Saved data entries
▽

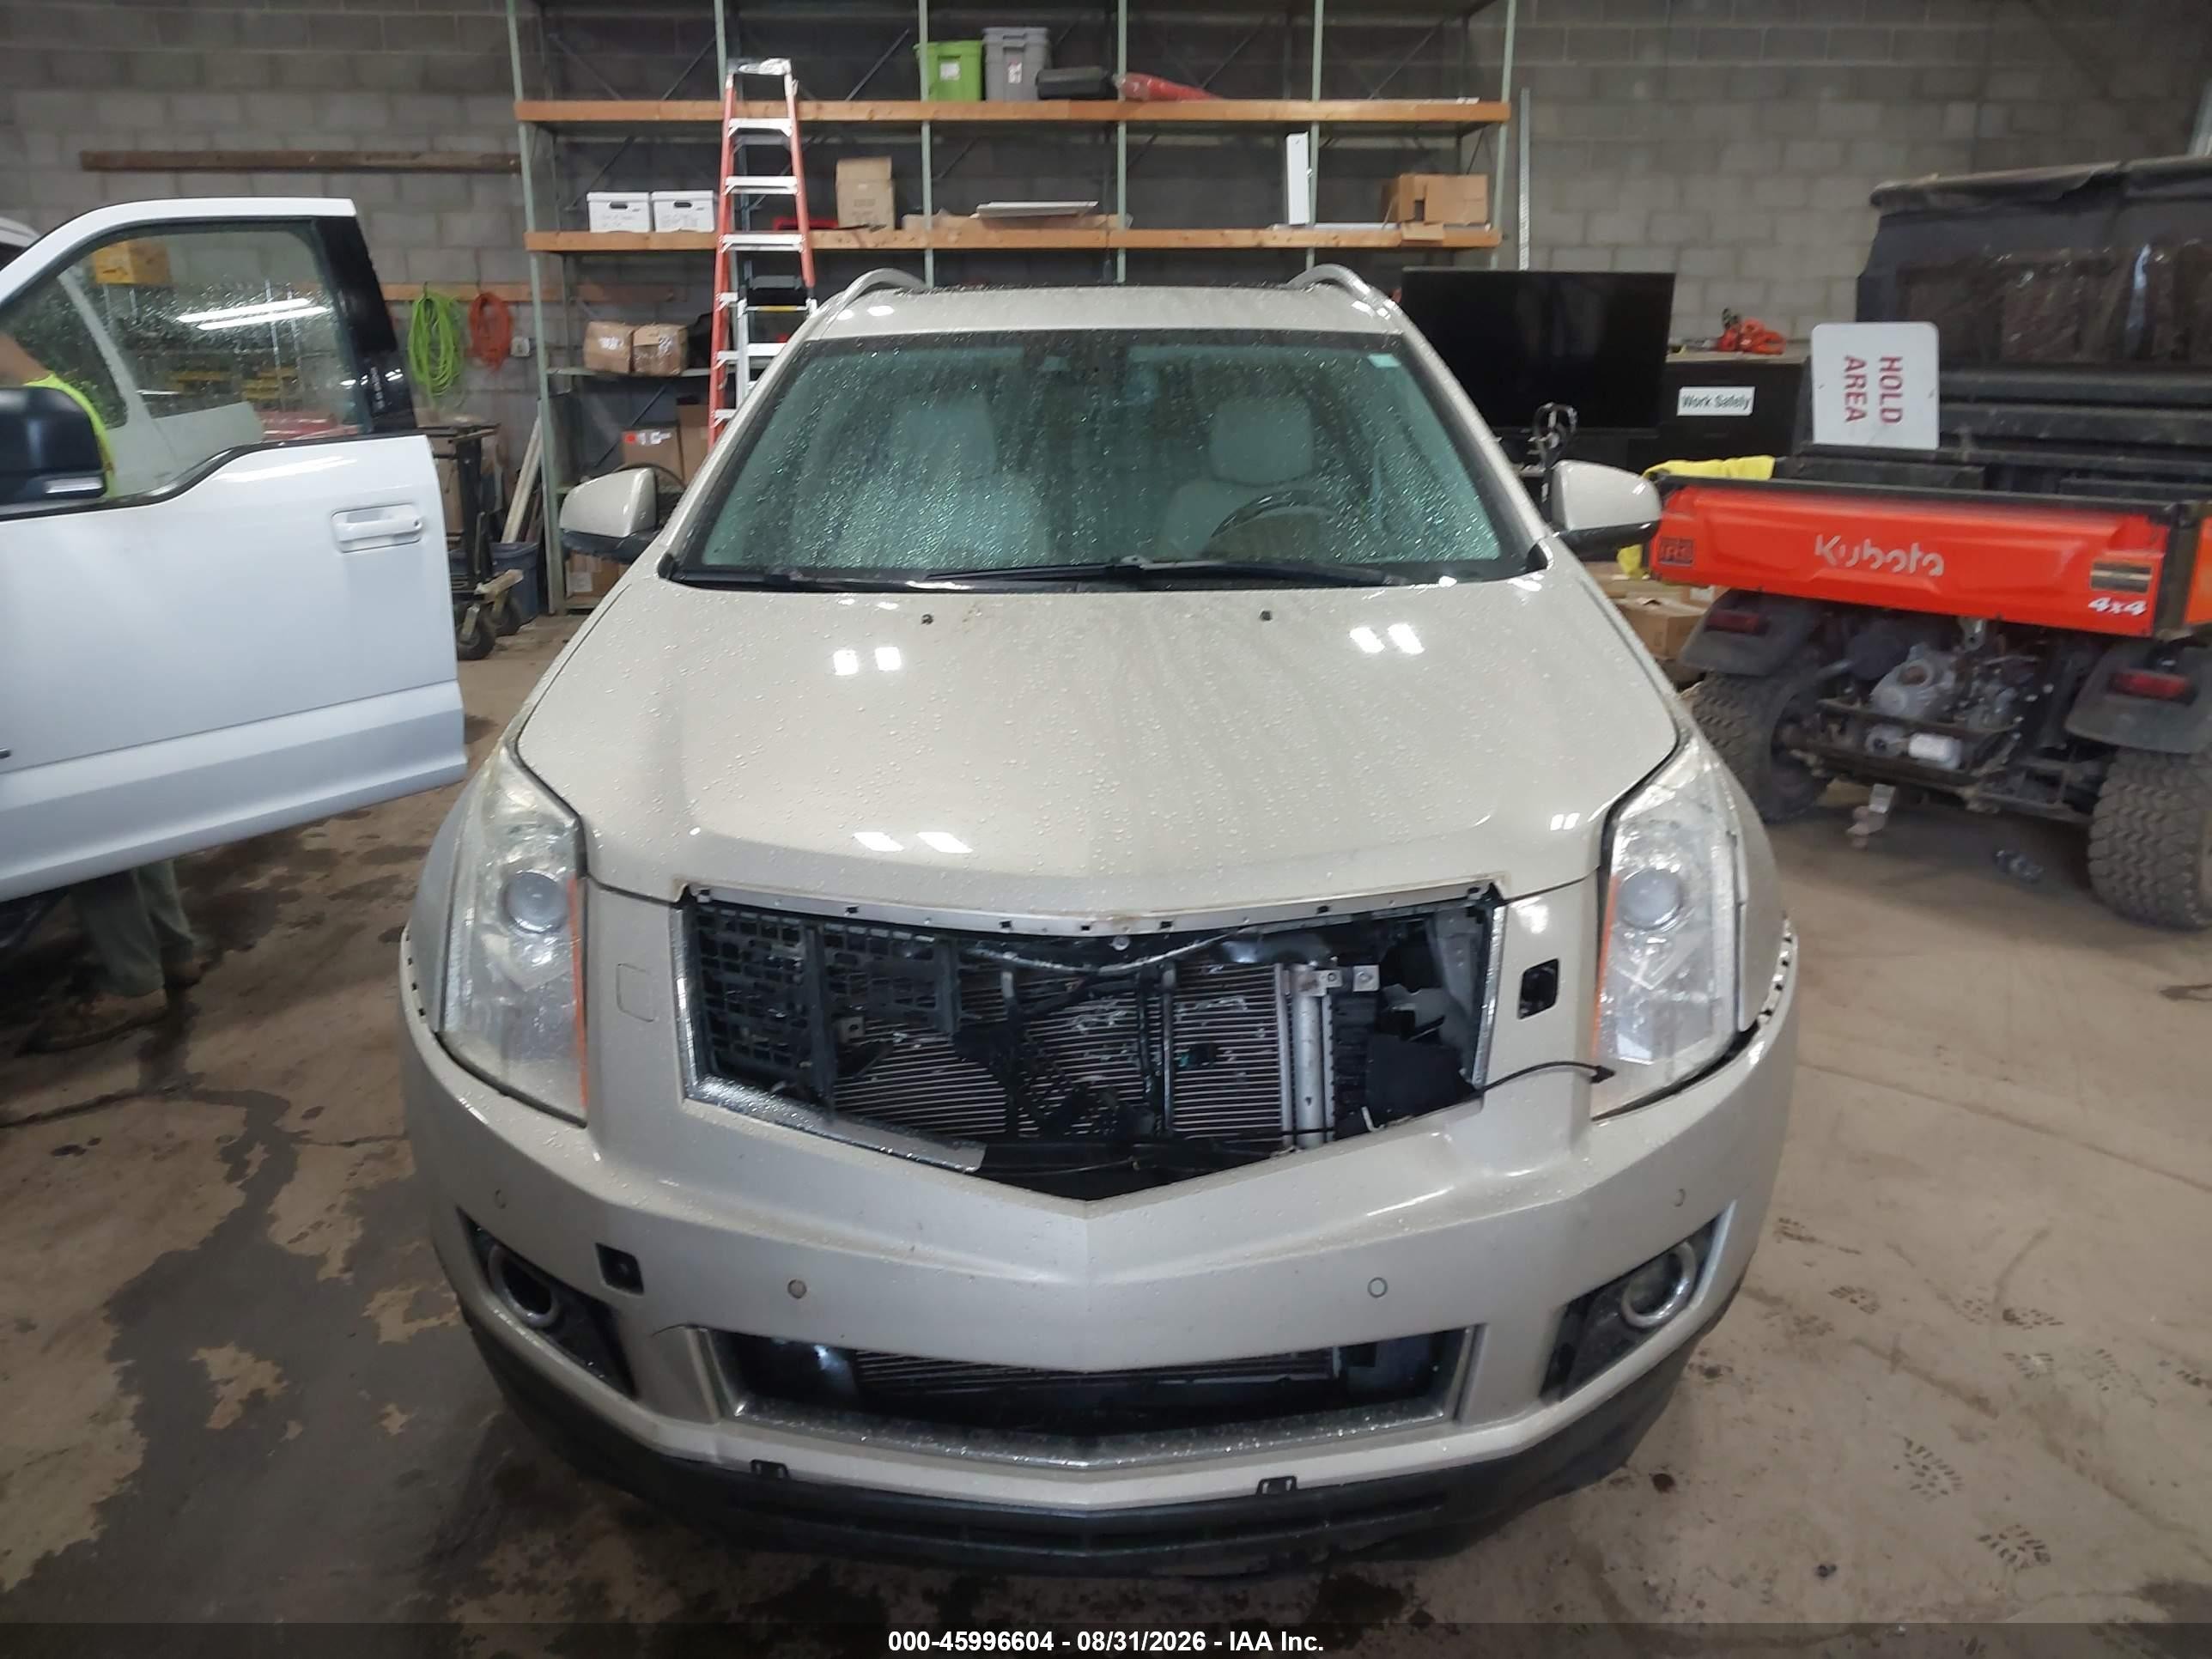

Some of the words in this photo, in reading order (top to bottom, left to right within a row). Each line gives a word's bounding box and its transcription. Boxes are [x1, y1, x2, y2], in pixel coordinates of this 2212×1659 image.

[1681, 395, 1712, 408] Work
[1714, 394, 1751, 410] Safely
[1844, 356, 1868, 422] AREA
[1879, 356, 1903, 423] HOLD
[1814, 533, 1945, 577] Kubota
[2087, 597, 2148, 616] 4x4
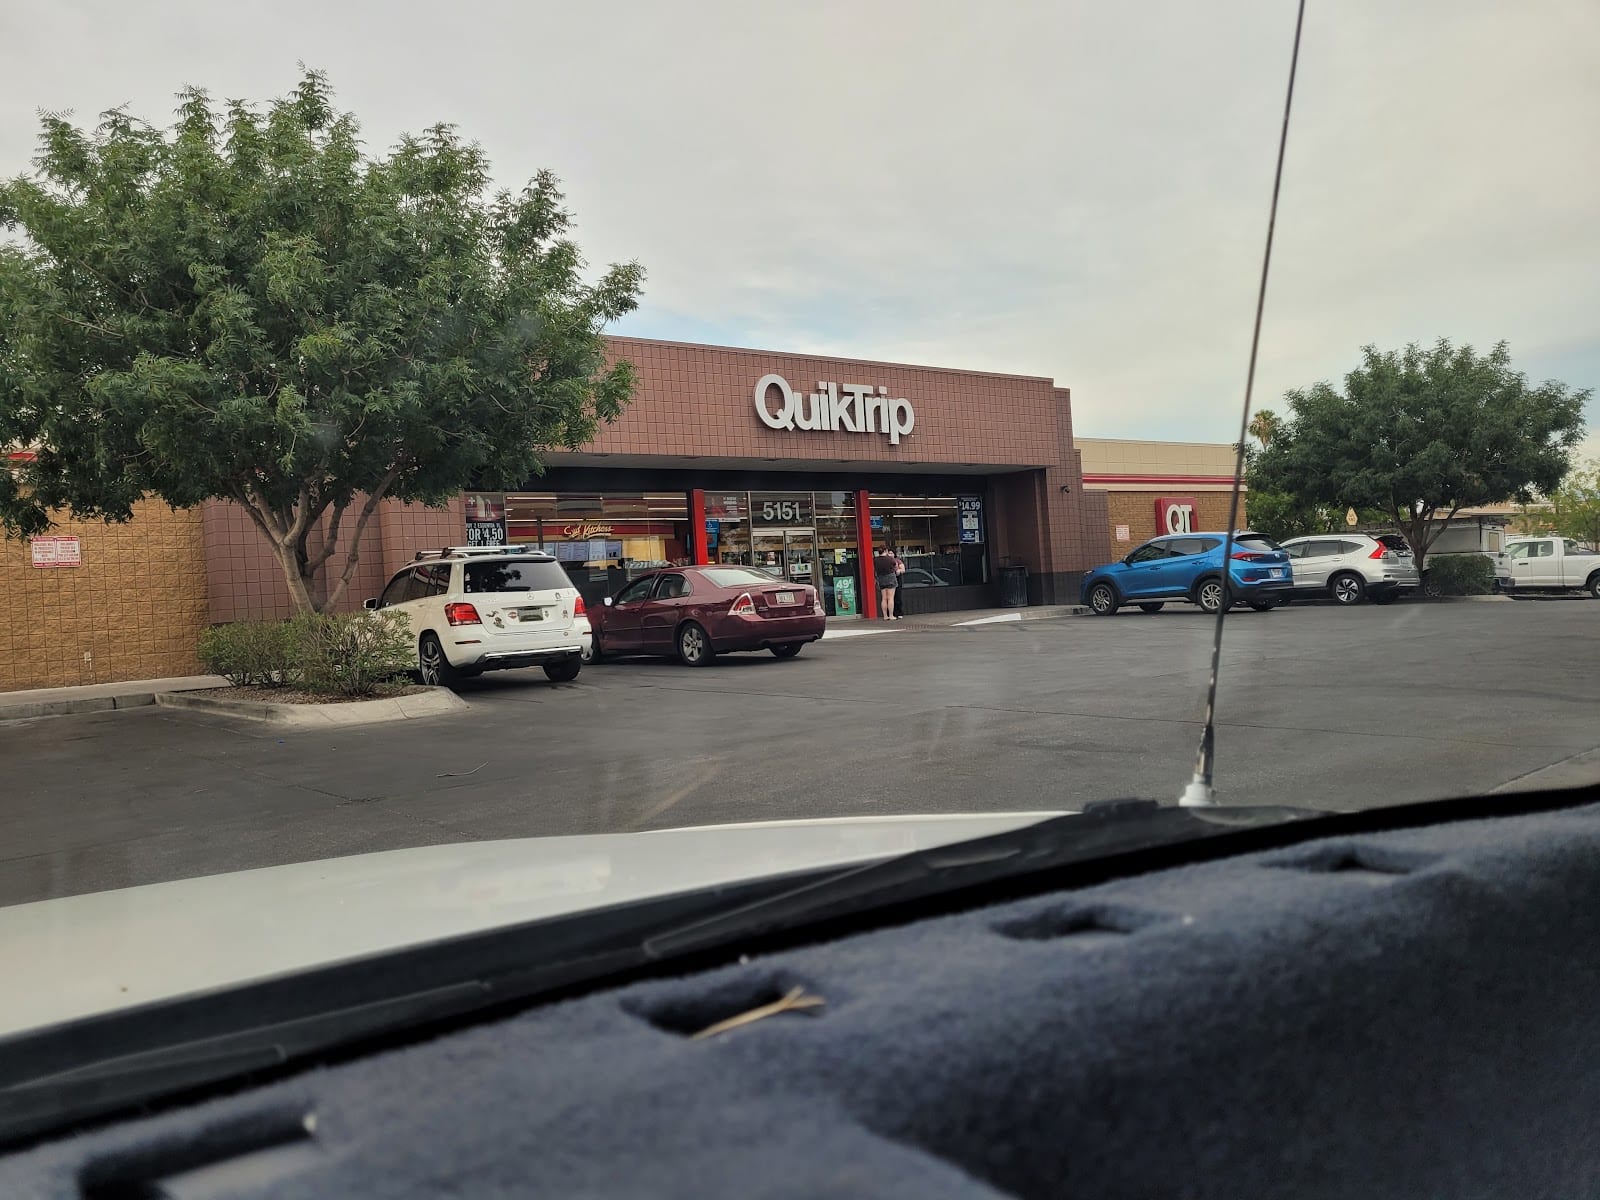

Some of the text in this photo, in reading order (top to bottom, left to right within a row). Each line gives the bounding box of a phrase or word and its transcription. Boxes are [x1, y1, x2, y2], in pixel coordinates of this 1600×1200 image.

[754, 373, 915, 445] QuikTrip
[763, 501, 800, 521] 5151
[1166, 504, 1192, 536] QT
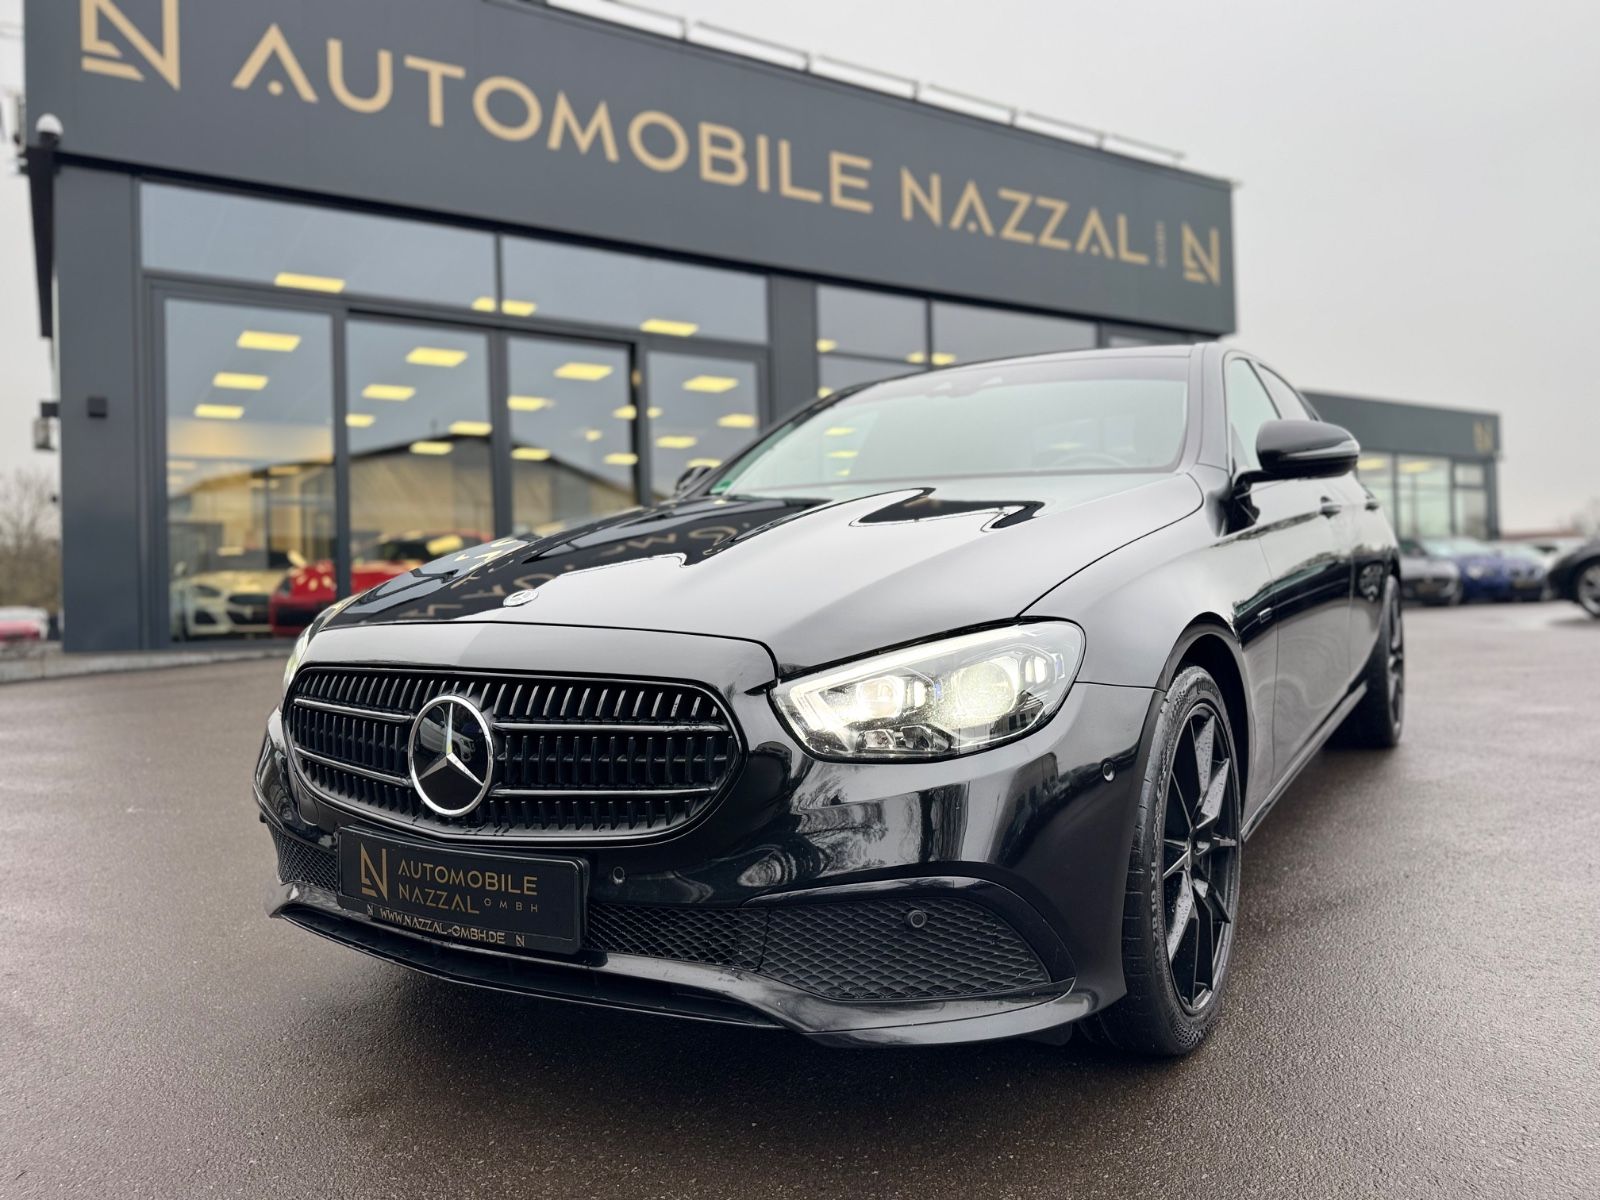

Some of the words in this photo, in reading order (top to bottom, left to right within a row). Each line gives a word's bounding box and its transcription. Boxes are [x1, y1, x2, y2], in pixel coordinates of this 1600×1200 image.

△

→ Exercise prompt
Using the records above, output their complete text exactly, minus any images.

→ Output below
Some of the words in this photo, in reading order (top to bottom, left to right within a row). Each line gives a word's bounding box and its transcription. Boxes are [x1, y1, x2, y2], in pixel coordinates of this 2212×1659 image.

[1681, 395, 1712, 408] Work
[1714, 394, 1751, 410] Safely
[1844, 356, 1868, 422] AREA
[1879, 356, 1903, 423] HOLD
[1814, 533, 1945, 577] Kubota
[2087, 597, 2148, 616] 4x4

Some of the text in this photo, in reading order (top to bottom, left to right within a row). Each line gives the bounding box of a phrase or word and its transcription. Boxes are [x1, y1, x2, y2], in pixel coordinates of this 1600×1200 image.

[754, 373, 915, 445] QuikTrip
[763, 501, 800, 521] 5151
[1166, 504, 1192, 536] QT

Some of the words in this photo, in reading order (top to bottom, left to right within a row). Each line gives a word's bounding box and its transcription. Boxes are [x1, y1, x2, y2], in pixel coordinates of this 1600×1200 image.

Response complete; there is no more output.